[Images for object localization]
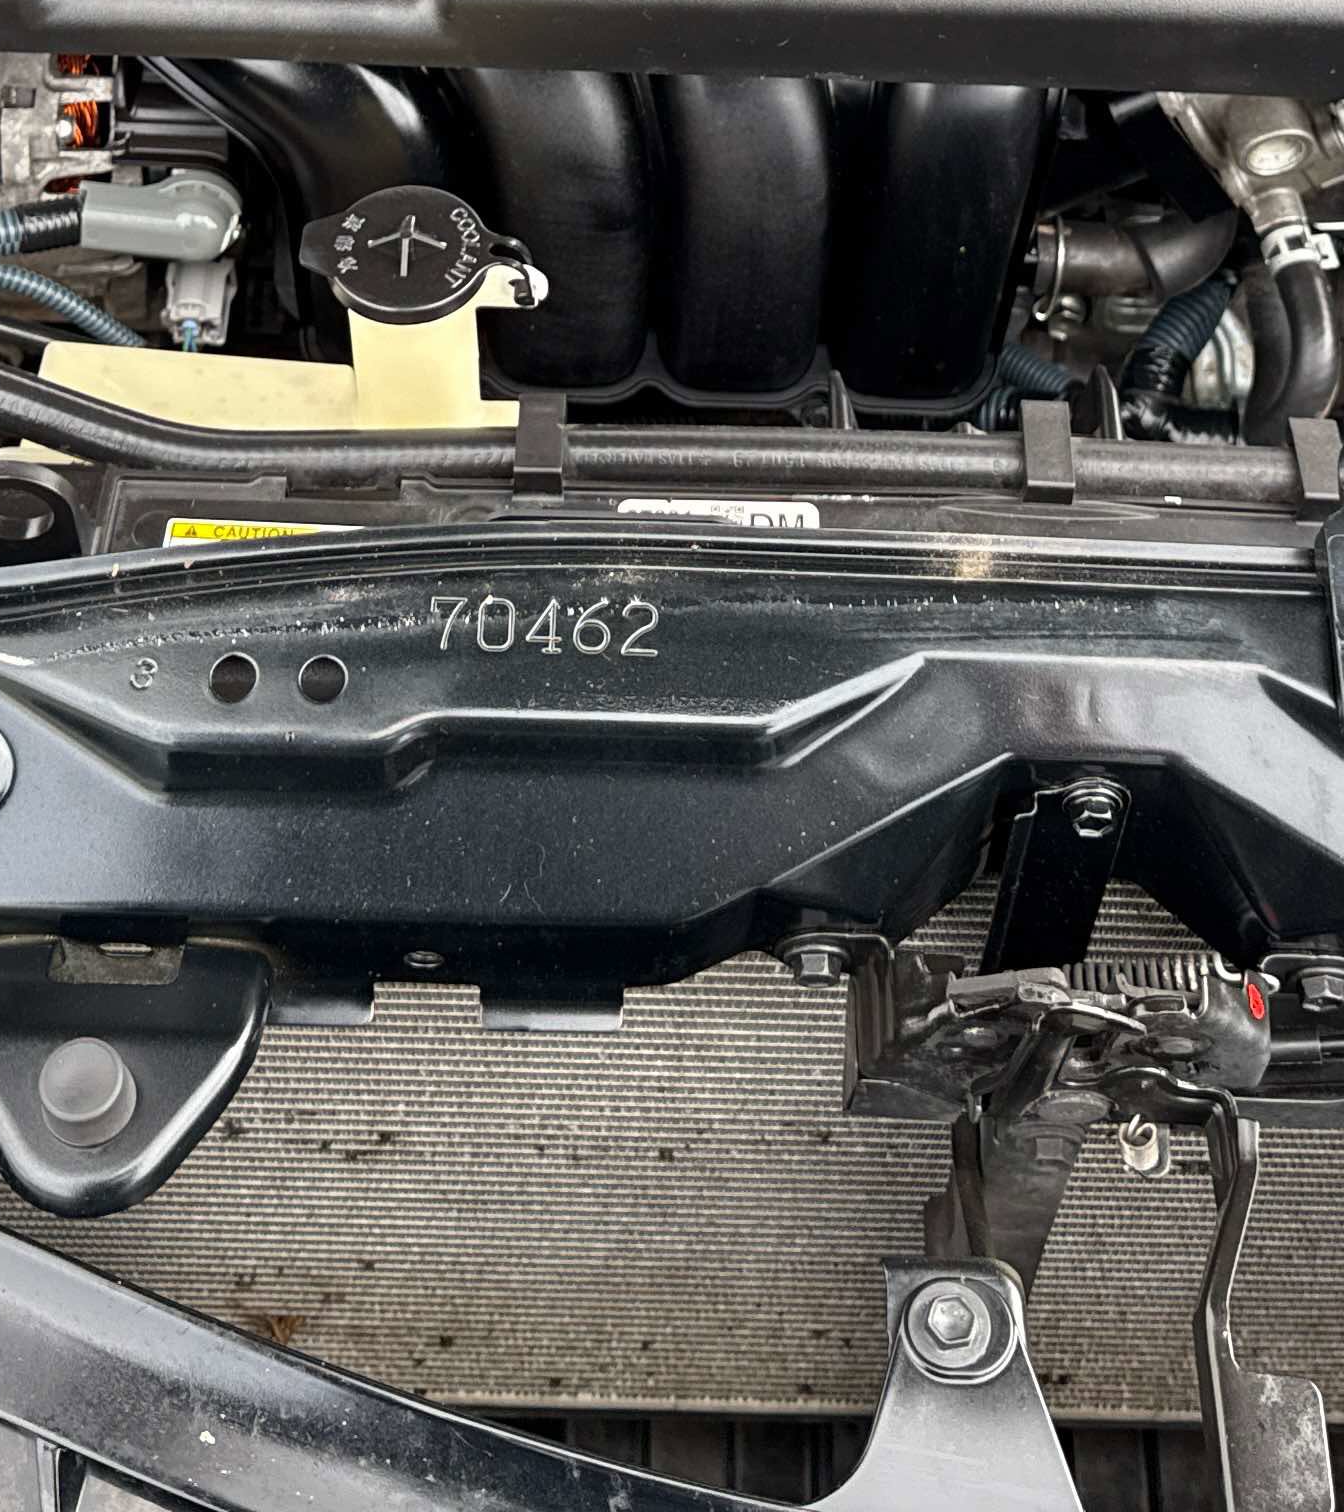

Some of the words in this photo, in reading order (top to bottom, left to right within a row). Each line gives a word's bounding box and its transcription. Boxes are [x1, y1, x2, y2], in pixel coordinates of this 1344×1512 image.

[449, 206, 481, 289] COOLANT
[212, 525, 294, 538] CAUTION
[430, 595, 659, 656] 70462
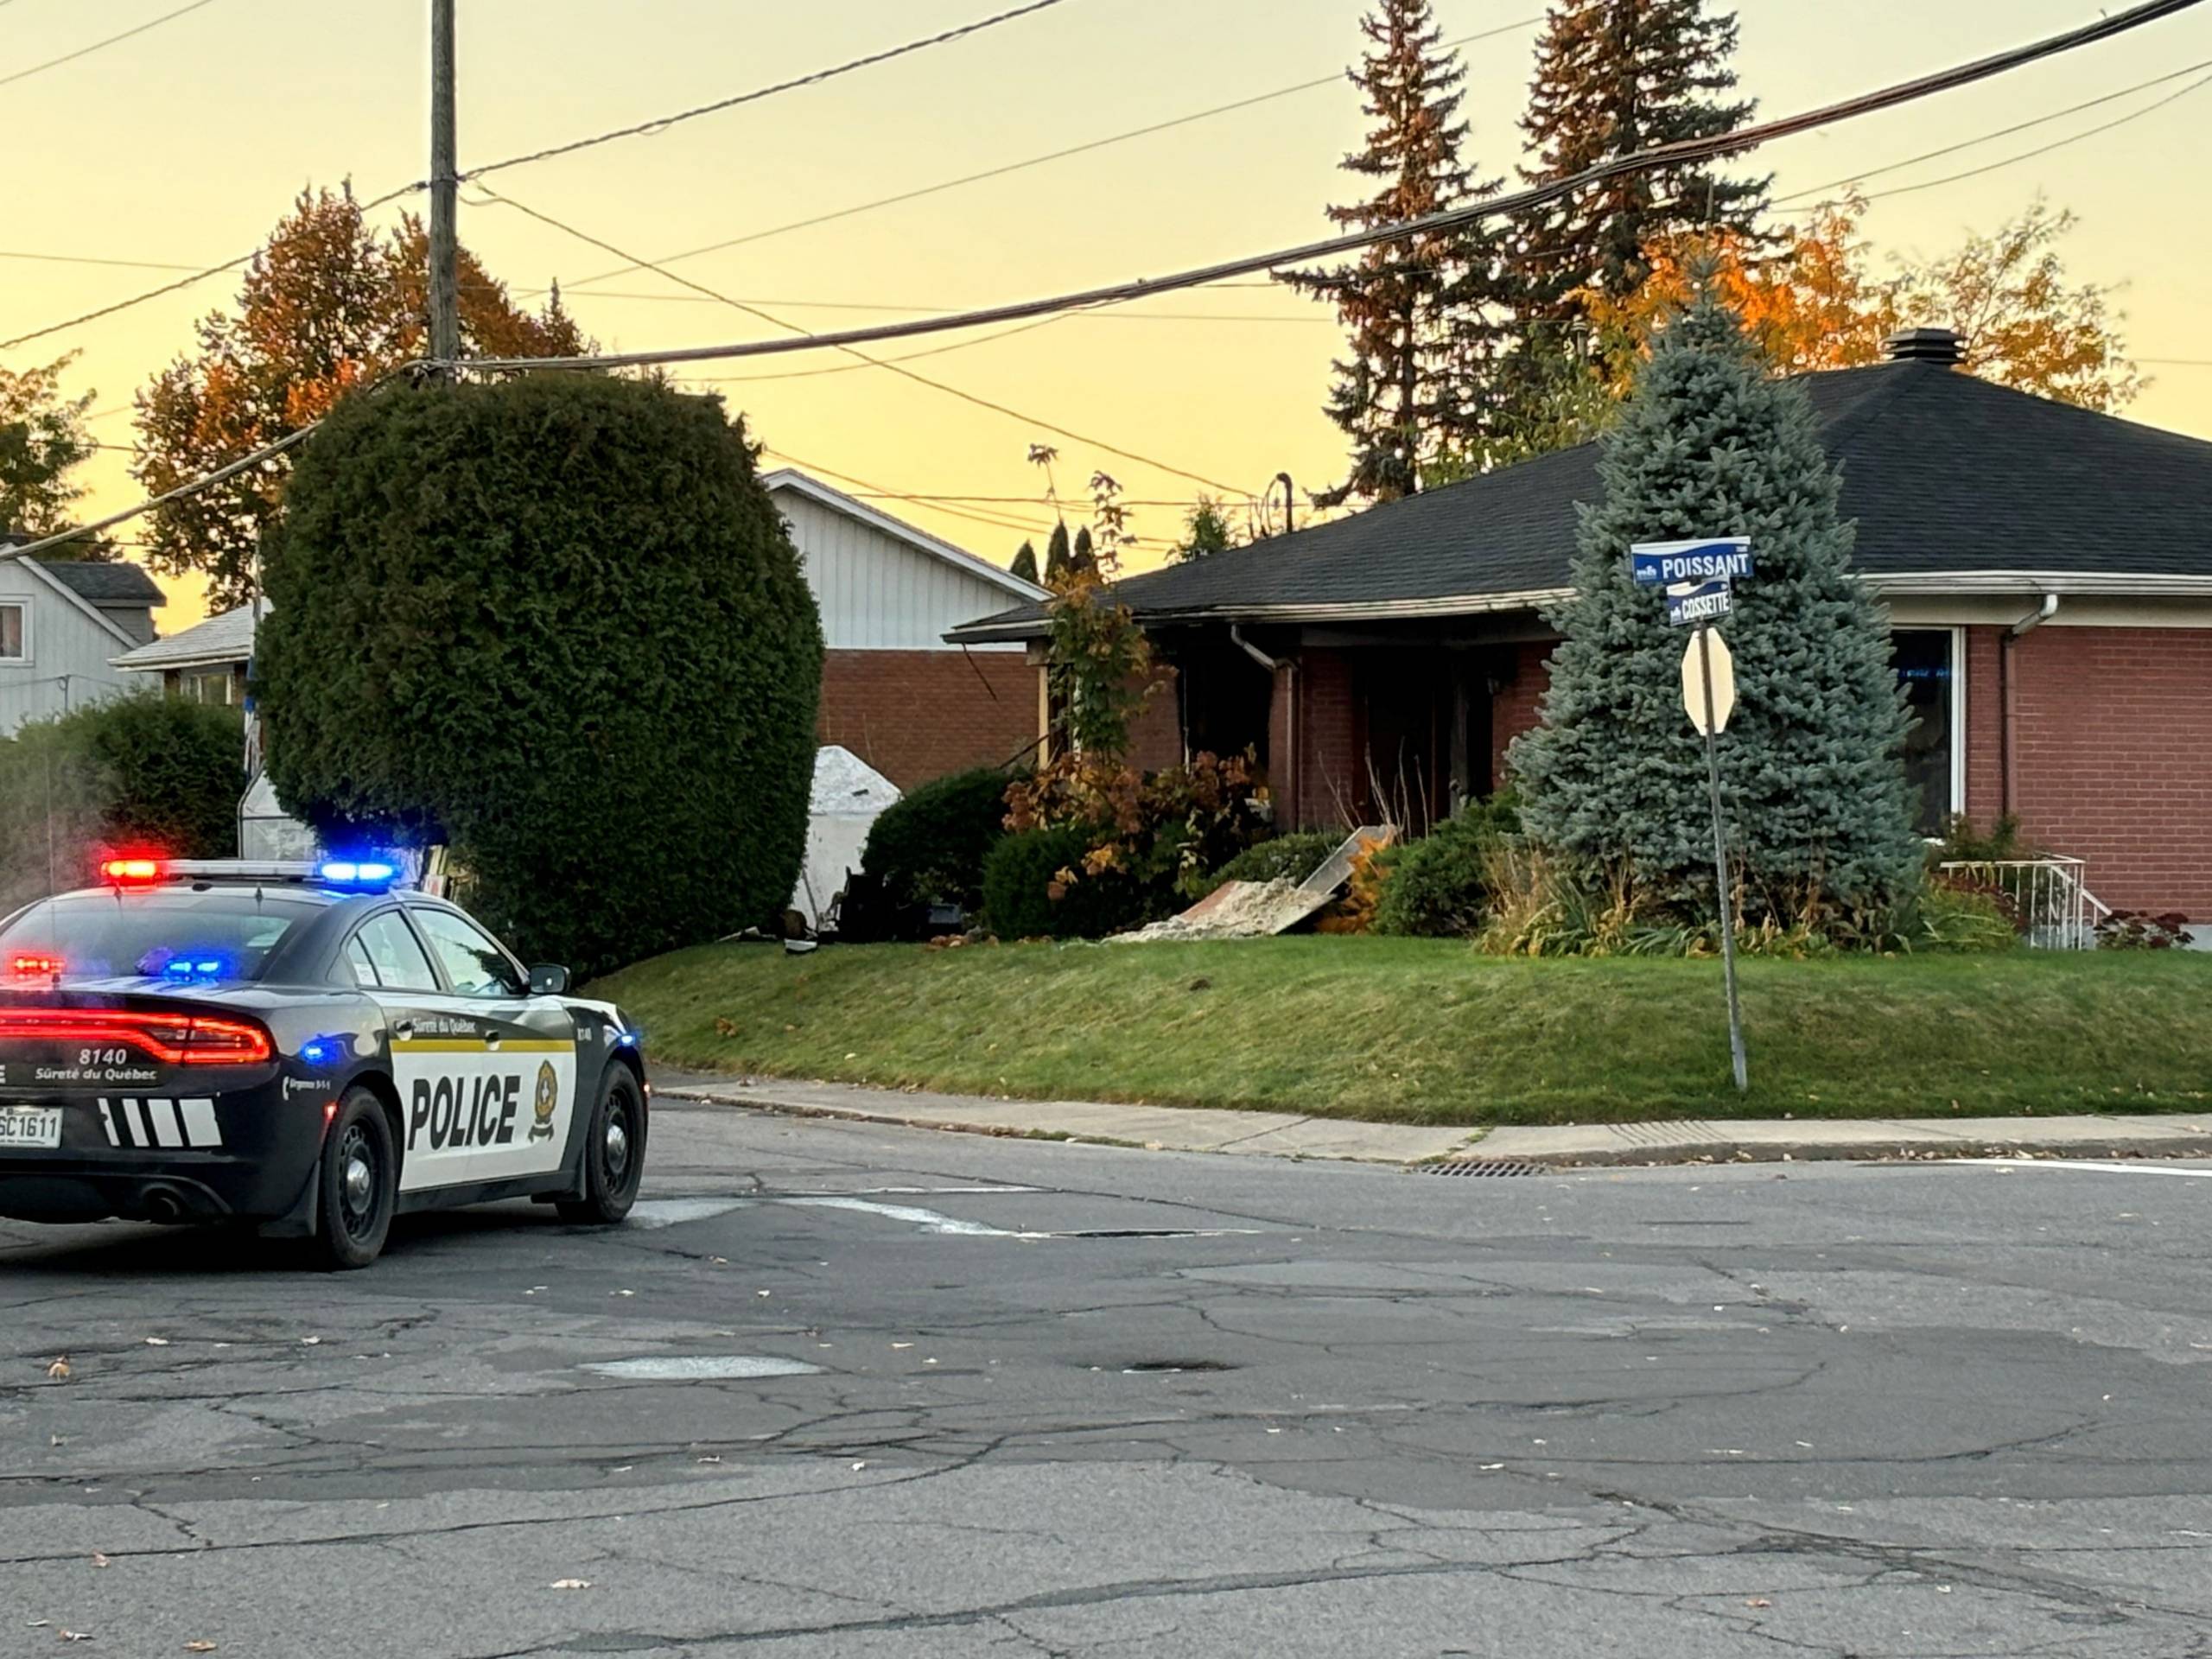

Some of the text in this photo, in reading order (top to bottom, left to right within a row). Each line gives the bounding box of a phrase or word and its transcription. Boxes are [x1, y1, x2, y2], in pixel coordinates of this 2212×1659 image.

[1662, 554, 1749, 579] POISSANT
[1681, 591, 1729, 620] COSSETTE
[79, 1048, 127, 1065] 8140
[35, 1067, 157, 1082] Sûreté du Québec
[407, 1074, 521, 1151] POLICE

**THE TASK:** From the line containing "Some of the text" down to the final line of the data, write out every line exactly; both the first and last of these belong in your answer, and nothing else does.

**RESULT:**
Some of the text in this photo, in reading order (top to bottom, left to right within a row). Each line gives the bounding box of a phrase or word and its transcription. Boxes are [x1, y1, x2, y2], in pixel coordinates of this 2212×1659 image.

[1662, 554, 1749, 579] POISSANT
[1681, 591, 1729, 620] COSSETTE
[79, 1048, 127, 1065] 8140
[35, 1067, 157, 1082] Sûreté du Québec
[407, 1074, 521, 1151] POLICE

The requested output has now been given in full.